• **PROBLEM DESCRIPTION**: Nothing but the images is to be left out of your exact copy of the entries.

• **AVAILABLE RECORDS**:
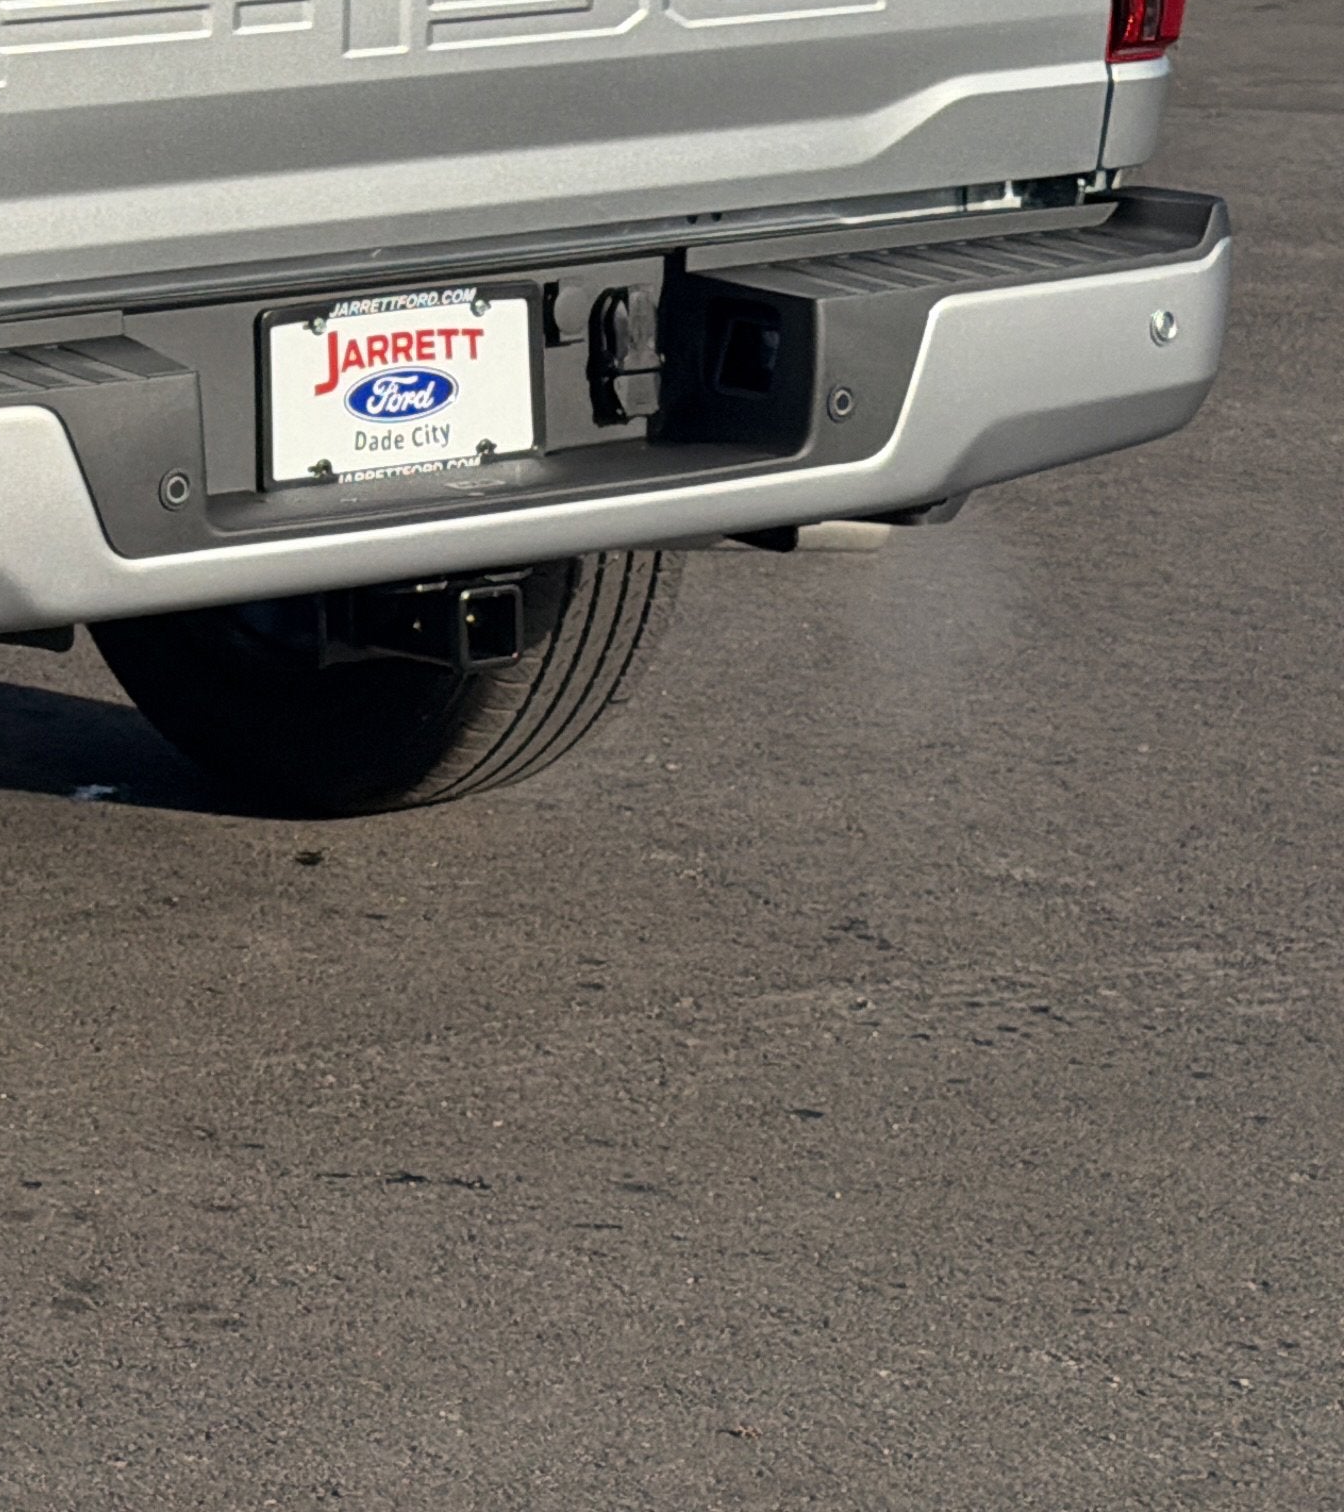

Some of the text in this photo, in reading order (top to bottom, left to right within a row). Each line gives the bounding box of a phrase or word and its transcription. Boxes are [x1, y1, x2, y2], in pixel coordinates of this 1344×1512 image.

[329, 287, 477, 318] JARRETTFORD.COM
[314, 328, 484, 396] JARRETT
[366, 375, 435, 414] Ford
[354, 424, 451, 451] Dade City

• **TASK SOLUTION**:
Some of the text in this photo, in reading order (top to bottom, left to right within a row). Each line gives the bounding box of a phrase or word and its transcription. Boxes are [x1, y1, x2, y2], in pixel coordinates of this 1344×1512 image.

[329, 287, 477, 318] JARRETTFORD.COM
[314, 328, 484, 396] JARRETT
[366, 375, 435, 414] Ford
[354, 424, 451, 451] Dade City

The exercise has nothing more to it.